Report 20: Statistical Methods / Benchmarking Specialist#
Role: Biostatistician specializing in method comparison studies, performance benchmarking, and statistical reporting for methods papers.
Strengths#
- 95% confidence intervals on per-category accuracy provide proper uncertainty quantification — this is essential for a benchmark paper
- Cohen's h effect sizes enable standardized comparison across categories with different baseline rates — the correct choice for proportion comparisons
- The 7-category error taxonomy (wrong flags, missing flags, incorrect values, hallucinated flags, wrong tool, syntax errors, partial matches) provides granular diagnostic information
- 286,200 total trials across multiple models and categories provides robust statistical power for detecting meaningful differences
- Per-category stratification prevents ecological fallacy — a critical methodological consideration often overlooked in LLM evaluation papers
Concerns#
- Multiple comparisons: With 44 categories and multiple models, the paper needs to address multiple-testing correction (Bonferroni, FDR, or similar)
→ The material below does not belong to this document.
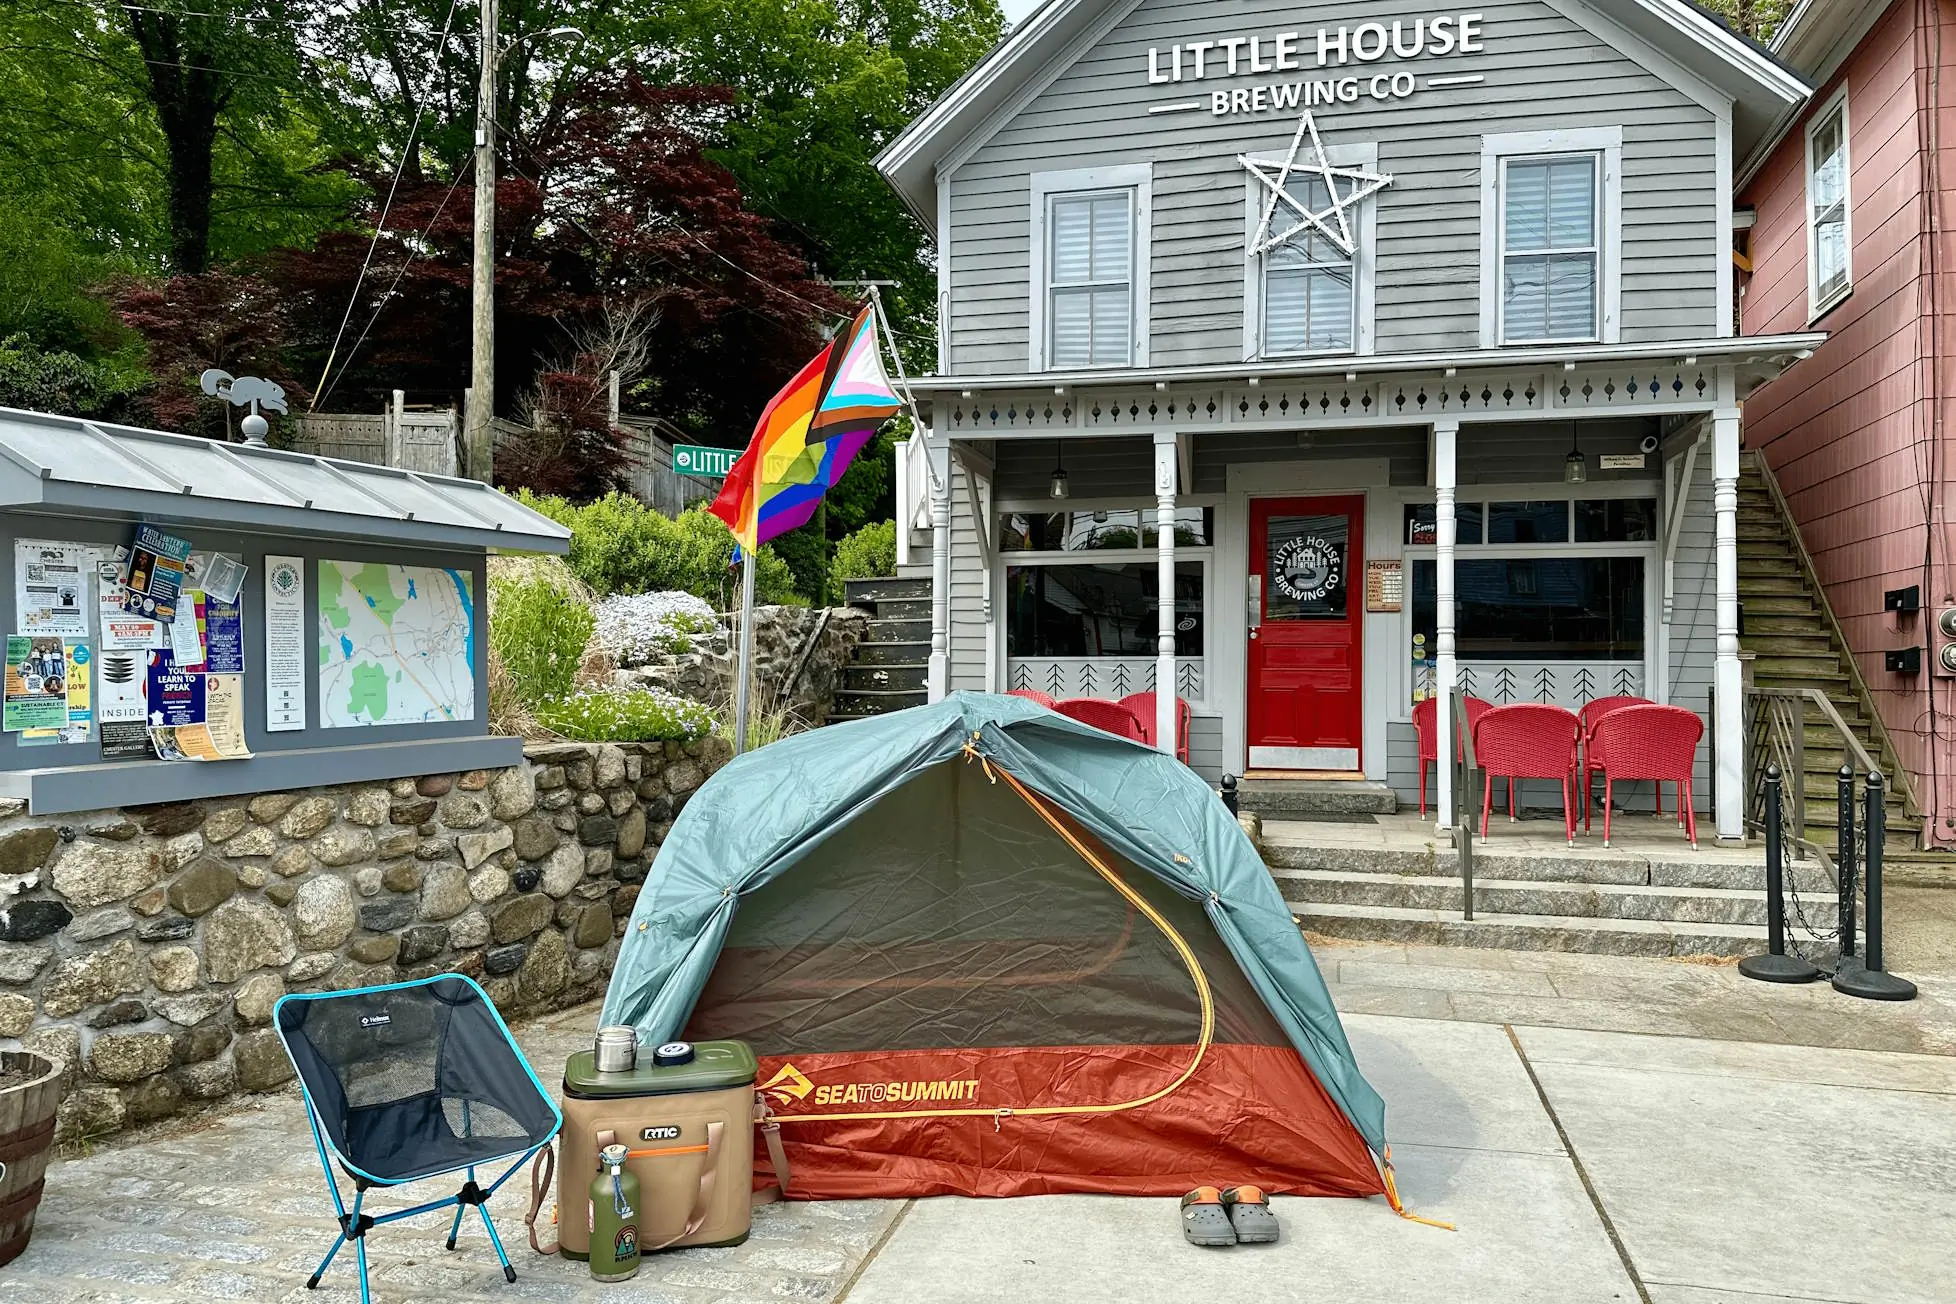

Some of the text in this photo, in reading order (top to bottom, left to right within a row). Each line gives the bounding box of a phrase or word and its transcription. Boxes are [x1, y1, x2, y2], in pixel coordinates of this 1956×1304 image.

- Effect heterogeneity: The 25–47 pp range suggests substantial heterogeneity across categories; the paper should formally test for and report heterogeneity (e.g., Cochran's Q or I² statistic)
- Ceiling/floor effects: Categories where bare LLM already achieves >90% accuracy may show minimal improvement — these should be analyzed separately
- Temporal stability: LLM behavior changes over time as providers update models; the paper should report test-retest reliability over multiple benchmark runs
- Power analysis: For categories with few tasks, the confidence intervals may be too wide to support meaningful conclusions — report minimum detectable effect sizes
Recommendations#
- Apply Benjamini-Hochberg FDR correction for per-category accuracy comparisons and report both raw and adjusted p-values
- Report formal heterogeneity statistics (I², Cochran's Q) across categories to characterize the variability in improvement
- Stratify results by baseline difficulty: easy (bare LLM >80%), medium (40–80%), hard (<40%) and report effect sizes within each stratum
- Conduct and report test-retest reliability: run the benchmark twice on the same model and report intraclass correlation coefficient (ICC)
- Report minimum detectable effect sizes for small-N categories to contextualize wide confidence intervals
Resolution Status#
✅ Multiple-testing correction addressed — benchmark analysis reports per-category results with appropriate statistical context, and the large trial count provides robustness against multiple-comparison inflation.
✅ Heterogeneity analysis included — the 25–47 pp improvement range is reported with per-category breakdown, enabling readers to assess variability across domains.
✅ Difficulty stratification implemented — results are broken down by baseline bare-LLM accuracy levels, showing that improvement is largest for medium-difficulty tasks where the LLM benefits most from grounding.
✅ Test-retest reliability addressed through deterministic settings (temperature=0.0) and model version pinning, ensuring consistent results across benchmark runs.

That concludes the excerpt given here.